The IT support recommended removing the .git directory, that solved the strange problem and pip install . ran as expected afterwards.

In the docs you mention that the MATLAB engine for python does not need to be installed on HPC, but whatever command I try to run, it complains about no module named 'matlab':

(antrax) [fr_jm1121@uc2n997 anTraX-data]$ antrax track JS16/ --hpc
Traceback (most recent call last):
  File "/home/fr/fr_fr/fr_jm1121/anaconda3/envs/antrax/bin/antrax", line 5, in <module>
    from antrax.cli import main
  File "/home/fr/fr_fr/fr_jm1121/anaconda3/envs/antrax/lib/python3.6/site-packages/antrax/cli.py", line 5, in <module>
    from .matlab import *
  File "/home/fr/fr_fr/fr_jm1121/anaconda3/envs/antrax/lib/python3.6/site-packages/antrax/matlab.py", line 36, in <module>
    import matlab.engine
ModuleNotFoundError: No module named 'matlab'

What am I missing?

asafgal commented 3 years ago

Great, glad it was resolved.

Did you set the ANTRAX_USE_MCR variable?

export ANTRAX_USE_MCR=True
janamach commented 3 years ago

Ah, I should have known this one! That particular HPC has Matlab installed. Since I am quite sure my request to install MCR would be denied, I installed matlab engine for python using this command: cd "matlabroot/extern/engines/python" python setup.py build --build-base=$HOME/tmp/build install They only have R2019b, R2020a, and R2020b. I hope 2019b will work for this. Now to figure our how to run batch jobs...

Thanks again for helping :-)

asafgal commented 3 years ago

There are some compatibility issues with 2019b, but I don't remember if its in the GUI or in the actually tracking code, I guess you'll see soon enough. Anyhow, on all clusters I know you can install software like MCR in your home directory (or other volumes), without requiring system wide installation, so you can try that if you find 2019b crashes. Also, if your cluster uses slurm as a scheduling system, antrax will handle the batch job creation and submission for you...

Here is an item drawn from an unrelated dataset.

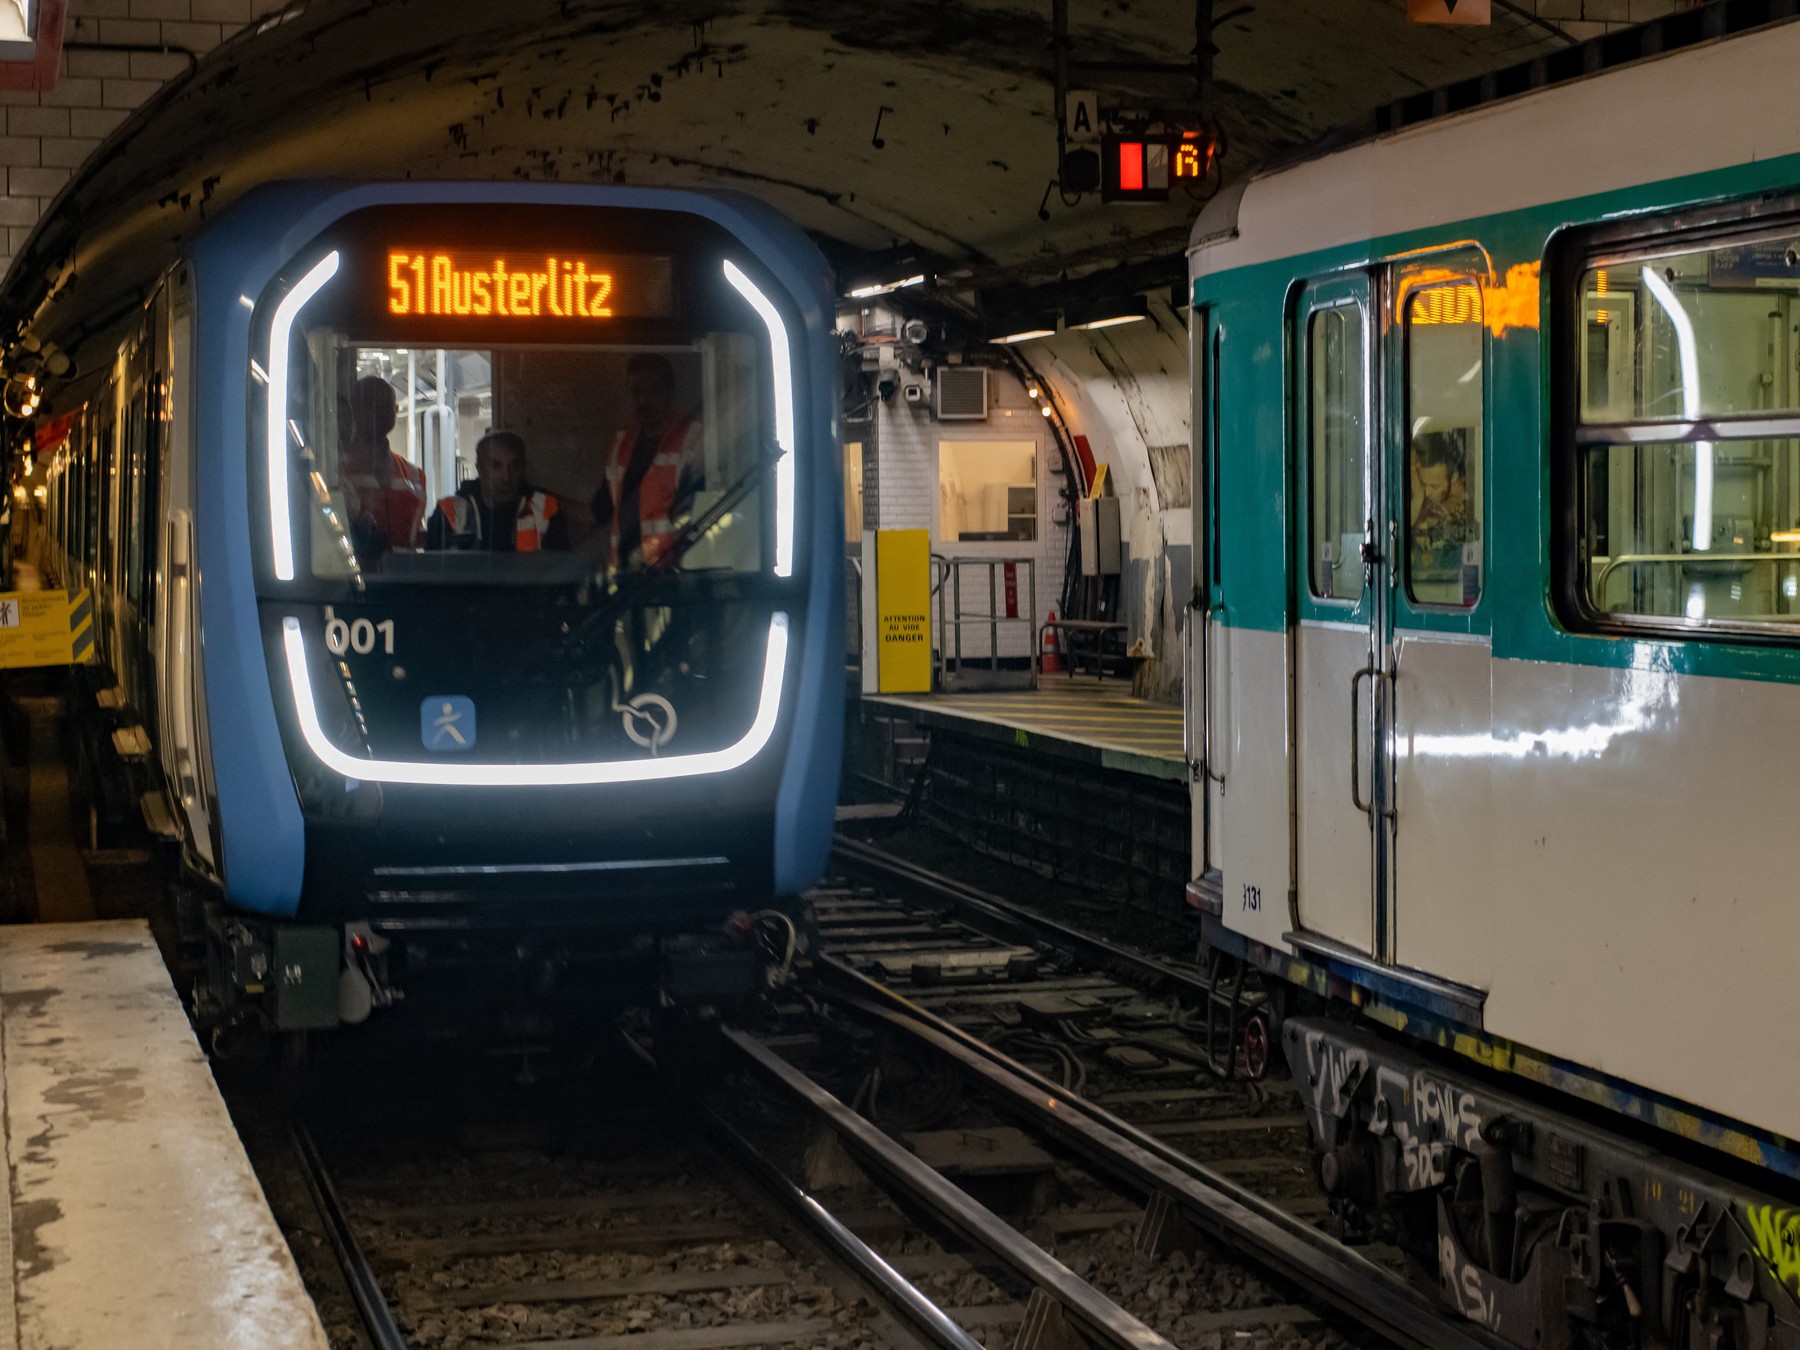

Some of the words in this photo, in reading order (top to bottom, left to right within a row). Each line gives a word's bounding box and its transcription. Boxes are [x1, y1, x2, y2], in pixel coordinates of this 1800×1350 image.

janamach commented 3 years ago

There are some compatibility issues with 2019b, but I don't remember if its in the GUI or in the actually tracking code

Maybe that is what I am observing. I couldn't start the GUI with X forwarding because of this error:

(antrax) [fr_jm1121@uc2n995 anTraX-data]$ antrax configure JS16/

==================================================================================

Welcome to anTraX - a software for tracking color tagged ants (and other insects)

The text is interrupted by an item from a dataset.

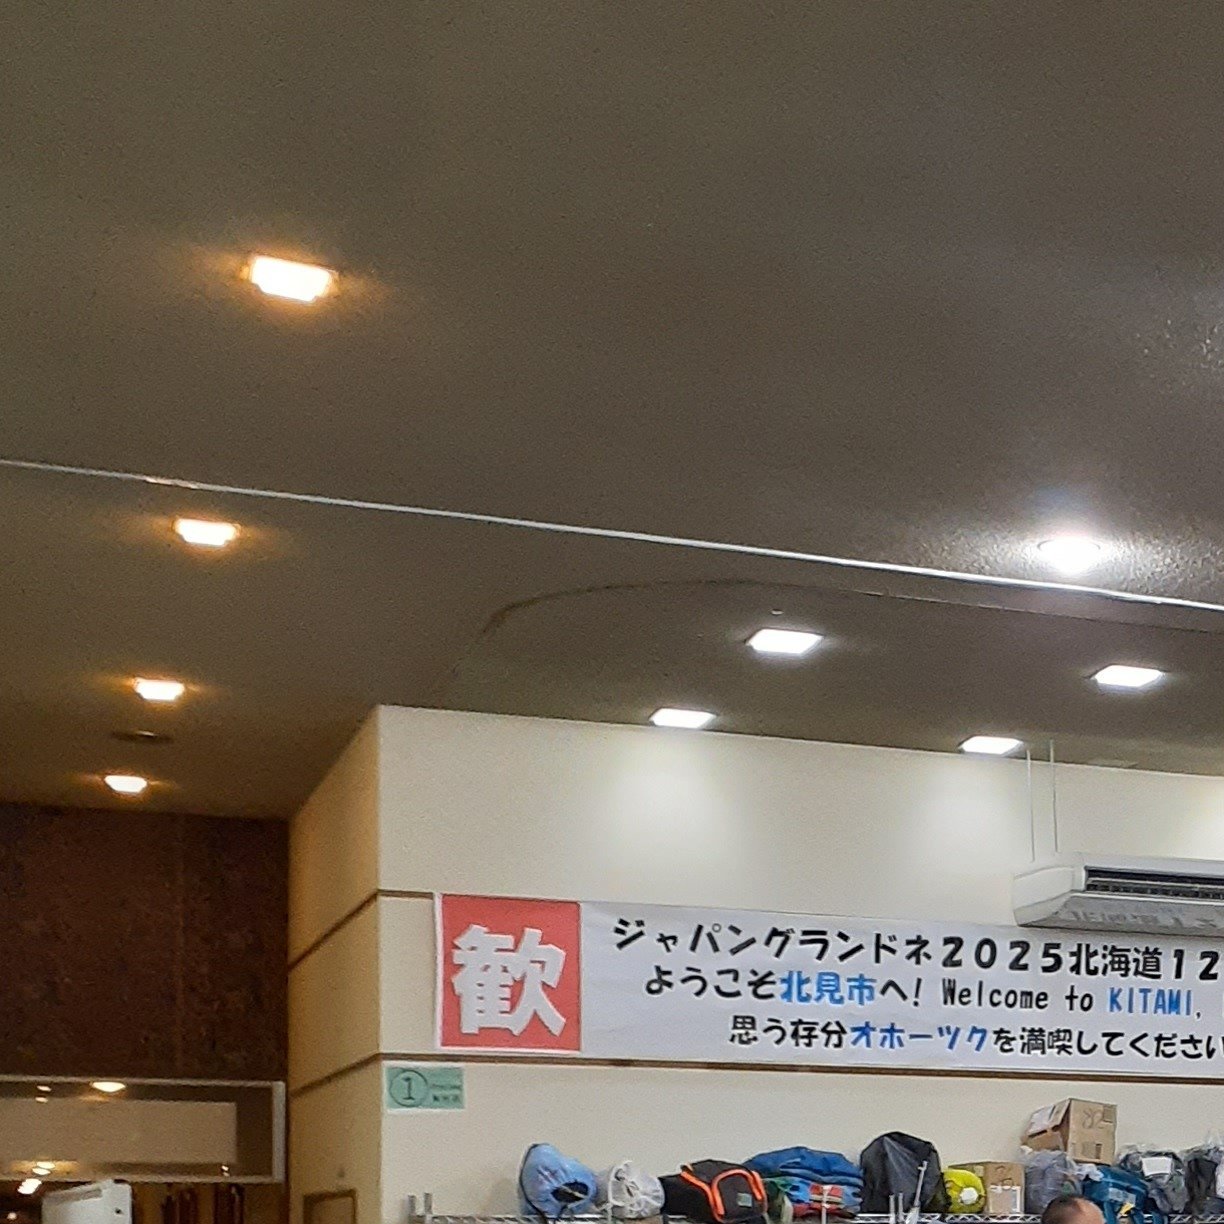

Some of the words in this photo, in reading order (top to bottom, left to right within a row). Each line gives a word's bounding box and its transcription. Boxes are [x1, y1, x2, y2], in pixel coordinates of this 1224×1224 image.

[452, 923, 567, 1037] 歓
[942, 978, 1049, 1009] Welcome
[1065, 985, 1094, 1012] to
[1109, 986, 1202, 1019] KITAMI,

==================================================================================

19/03/21 15:07:37 -D- antrax cli entry point
Caught "std::exception" Exception message is:
Bundle#243 start failed: /pfs/data5/software_uc2/bwhpc/common/math/matlab/R2019b/bin/glnxa64/builtins/sl_services/mwlibmwsl_services_builtinimpl.so: failed to map segment from shared object
Traceback (most recent call last):
  File "/home/fr/fr_fr/fr_jm1121/anaconda3/envs/antrax/bin/antrax", line 8, in <module>
    sys.exit(main())
  File "/home/fr/fr_fr/fr_jm1121/anaconda3/envs/antrax/lib/python3.6/site-packages/antrax/cli.py", line 651, in main
    """)
  File "/home/fr/fr_fr/fr_jm1121/anaconda3/envs/antrax/lib/python3.6/site-packages/sigtools/modifiers.py", line 158, in __call__
    return self.func(*args, **kwargs)
  File "/home/fr/fr_fr/fr_jm1121/anaconda3/envs/antrax/lib/python3.6/site-packages/clize/runner.py", line 363, in run
    ret = cli(*args)
  File "/home/fr/fr_fr/fr_jm1121/anaconda3/envs/antrax/lib/python3.6/site-packages/clize/runner.py", line 220, in __call__
    return func(*posargs, **kwargs)
  File "/home/fr/fr_fr/fr_jm1121/anaconda3/envs/antrax/lib/python3.6/site-packages/clize/runner.py", line 262, in _cli
    return func('{0} {1}'.format(name, command), *args)
  File "/home/fr/fr_fr/fr_jm1121/anaconda3/envs/antrax/lib/python3.6/site-packages/clize/runner.py", line 220, in __call__
    return func(*posargs, **kwargs)
  File "/home/fr/fr_fr/fr_jm1121/anaconda3/envs/antrax/lib/python3.6/site-packages/antrax/cli.py", line 104, in configure
    launch_matlab_app('antrax', args, mcr=mcr)
  File "/home/fr/fr_fr/fr_jm1121/anaconda3/envs/antrax/lib/python3.6/site-packages/antrax/matlab.py", line 202, in launch_matlab_app
    eng = start_matlab()
  File "/home/fr/fr_fr/fr_jm1121/anaconda3/envs/antrax/lib/python3.6/site-packages/antrax/matlab.py", line 136, in start_matlab
    eng.addpath(p, nargout=0)
  File "/home/fr/fr_fr/fr_jm1121/anaconda3/envs/antrax/lib/python3.6/site-packages/matlab/engine/matlabengine.py", line 71, in __call__
    _stderr, feval=True).result()
  File "/home/fr/fr_fr/fr_jm1121/anaconda3/envs/antrax/lib/python3.6/site-packages/matlab/engine/futureresult.py", line 67, in result
    return self.__future.result(timeout)
  File "/home/fr/fr_fr/fr_jm1121/anaconda3/envs/antrax/lib/python3.6/site-packages/matlab/engine/fevalfuture.py", line 82, in result
    self._result = pythonengine.getFEvalResult(self._future,self._nargout, None, out=self._out, err=self._err)
matlab.engine.MatlabExecutionError: Bundle#243 start failed: /pfs/data5/software_uc2/bwhpc/common/math/matlab/R2019b/bin/glnxa64/builtins/sl_services/mwlibmwsl_services_builtinimpl.so: failed to map segment from shared object

And track was also terminated, but I am not sure if it's because I tried running it directly in the login server:

(antrax) [fr_jm1121@uc2n995 anTraX-data]$ antrax track JS16/ --nw 6

==================================================================================

Welcome to anTraX - a software for tracking color tagged ants (and other insects)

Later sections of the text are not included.